* _WHAT YOU SHOULD DO_:
Return all the entries exactly. No pictures.

RECORDS SUPPLIED Block Start

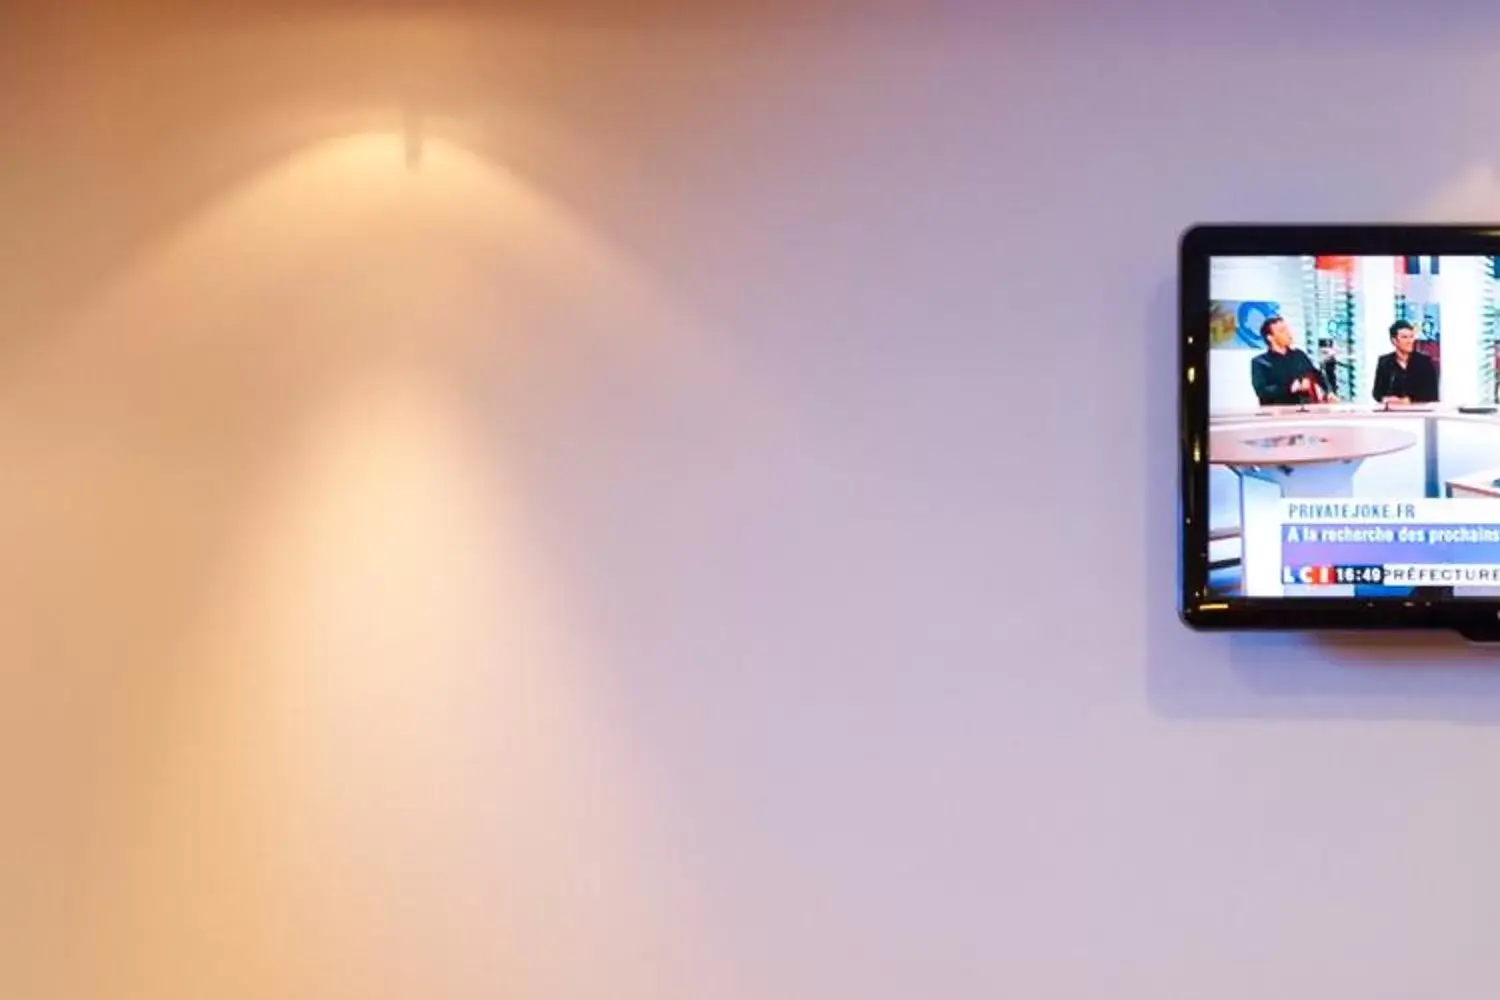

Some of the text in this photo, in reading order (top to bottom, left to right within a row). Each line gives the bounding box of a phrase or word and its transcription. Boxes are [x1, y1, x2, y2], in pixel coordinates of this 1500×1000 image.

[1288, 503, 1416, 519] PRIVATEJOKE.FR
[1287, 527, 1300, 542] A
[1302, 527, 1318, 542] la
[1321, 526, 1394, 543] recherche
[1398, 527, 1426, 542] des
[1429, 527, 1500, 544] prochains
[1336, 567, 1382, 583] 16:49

RECORDS SUPPLIED Block End

* _REPLY_:
Some of the text in this photo, in reading order (top to bottom, left to right within a row). Each line gives the bounding box of a phrase or word and its transcription. Boxes are [x1, y1, x2, y2], in pixel coordinates of this 1500×1000 image.

[1288, 503, 1416, 519] PRIVATEJOKE.FR
[1287, 527, 1300, 542] A
[1302, 527, 1318, 542] la
[1321, 526, 1394, 543] recherche
[1398, 527, 1426, 542] des
[1429, 527, 1500, 544] prochains
[1336, 567, 1382, 583] 16:49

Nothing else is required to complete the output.